## Task
Copy out the data in full and exactly, passing over the pictures.

## The data
★ ★ ★ ★
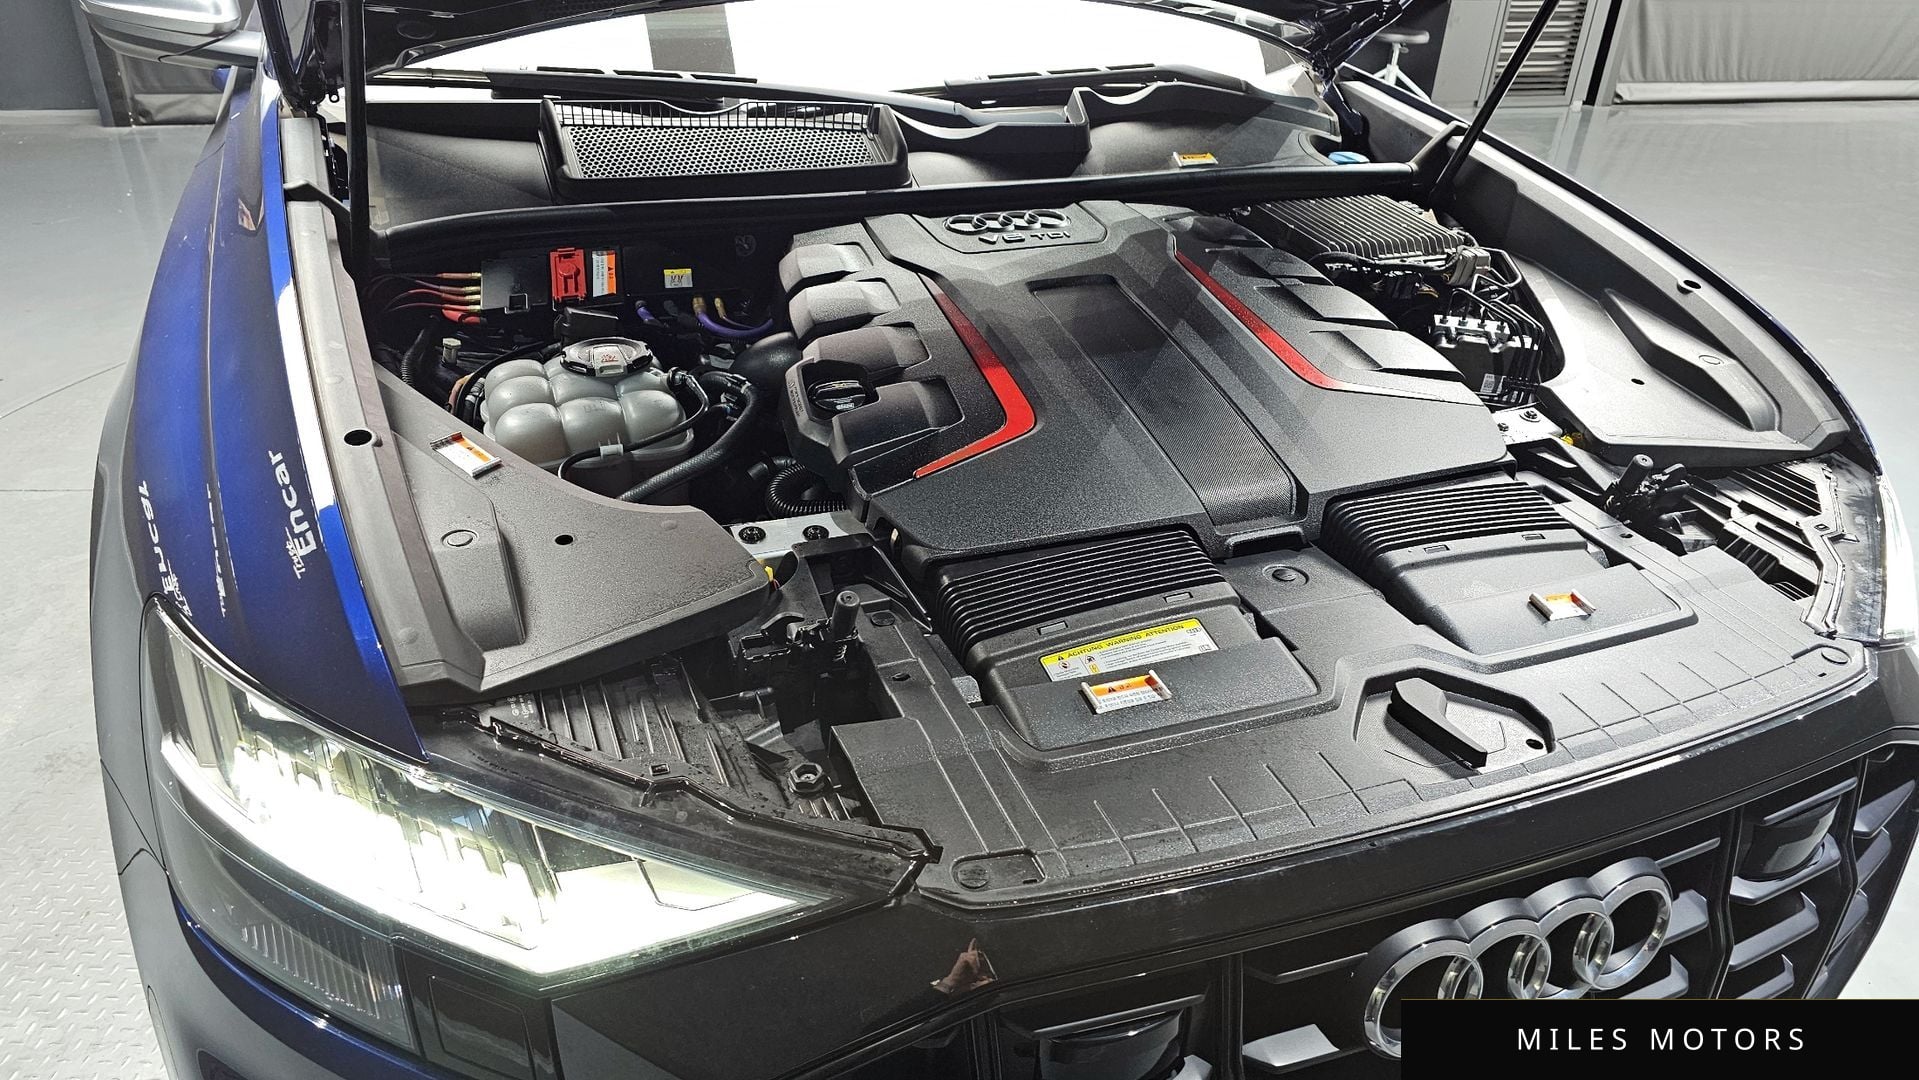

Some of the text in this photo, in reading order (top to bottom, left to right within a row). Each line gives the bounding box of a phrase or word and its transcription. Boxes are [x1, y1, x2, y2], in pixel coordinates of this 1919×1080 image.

[1030, 230, 1070, 240] TDI
[268, 450, 317, 557] Encar
[1067, 644, 1104, 658] ACHTUNG
[1106, 634, 1142, 647] WARNING
[1145, 624, 1185, 637] ATTENTION
★ ★ ★ ★
## Answer for this exercise
Some of the text in this photo, in reading order (top to bottom, left to right within a row). Each line gives the bounding box of a phrase or word and its transcription. Boxes are [x1, y1, x2, y2], in pixel coordinates of this 1919×1080 image.

[1030, 230, 1070, 240] TDI
[268, 450, 317, 557] Encar
[1067, 644, 1104, 658] ACHTUNG
[1106, 634, 1142, 647] WARNING
[1145, 624, 1185, 637] ATTENTION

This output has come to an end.